• Task details
Each record should be output exactly, with every character kept.

• Data supplied
⁂
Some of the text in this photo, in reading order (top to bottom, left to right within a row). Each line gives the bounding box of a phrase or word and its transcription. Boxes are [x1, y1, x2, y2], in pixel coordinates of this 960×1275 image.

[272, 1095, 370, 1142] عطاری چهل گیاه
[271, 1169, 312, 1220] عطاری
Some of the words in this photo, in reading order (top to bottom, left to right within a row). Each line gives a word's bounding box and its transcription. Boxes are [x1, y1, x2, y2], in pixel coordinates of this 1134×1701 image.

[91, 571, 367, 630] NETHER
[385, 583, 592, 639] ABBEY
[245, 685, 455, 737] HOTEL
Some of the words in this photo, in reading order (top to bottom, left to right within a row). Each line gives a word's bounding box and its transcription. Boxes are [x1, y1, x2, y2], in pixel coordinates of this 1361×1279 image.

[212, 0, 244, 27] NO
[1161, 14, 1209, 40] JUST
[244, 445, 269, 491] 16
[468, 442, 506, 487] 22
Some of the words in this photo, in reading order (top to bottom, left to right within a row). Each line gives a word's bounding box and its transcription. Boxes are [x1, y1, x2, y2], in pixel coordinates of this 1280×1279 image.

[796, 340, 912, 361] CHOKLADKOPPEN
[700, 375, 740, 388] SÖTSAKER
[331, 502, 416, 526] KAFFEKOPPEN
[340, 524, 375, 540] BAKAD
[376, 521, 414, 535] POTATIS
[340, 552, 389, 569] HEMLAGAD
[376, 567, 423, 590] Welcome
⁂
• Task answer
Some of the text in this photo, in reading order (top to bottom, left to right within a row). Each line gives the bounding box of a phrase or word and its transcription. Boxes are [x1, y1, x2, y2], in pixel coordinates of this 960×1275 image.

[272, 1095, 370, 1142] عطاری چهل گیاه
[271, 1169, 312, 1220] عطاری
Some of the words in this photo, in reading order (top to bottom, left to right within a row). Each line gives a word's bounding box and its transcription. Boxes are [x1, y1, x2, y2], in pixel coordinates of this 1134×1701 image.

[91, 571, 367, 630] NETHER
[385, 583, 592, 639] ABBEY
[245, 685, 455, 737] HOTEL
Some of the words in this photo, in reading order (top to bottom, left to right within a row). Each line gives a word's bounding box and its transcription. Boxes are [x1, y1, x2, y2], in pixel coordinates of this 1361×1279 image.

[212, 0, 244, 27] NO
[1161, 14, 1209, 40] JUST
[244, 445, 269, 491] 16
[468, 442, 506, 487] 22
Some of the words in this photo, in reading order (top to bottom, left to right within a row). Each line gives a word's bounding box and its transcription. Boxes are [x1, y1, x2, y2], in pixel coordinates of this 1280×1279 image.

[796, 340, 912, 361] CHOKLADKOPPEN
[700, 375, 740, 388] SÖTSAKER
[331, 502, 416, 526] KAFFEKOPPEN
[340, 524, 375, 540] BAKAD
[376, 521, 414, 535] POTATIS
[340, 552, 389, 569] HEMLAGAD
[376, 567, 423, 590] Welcome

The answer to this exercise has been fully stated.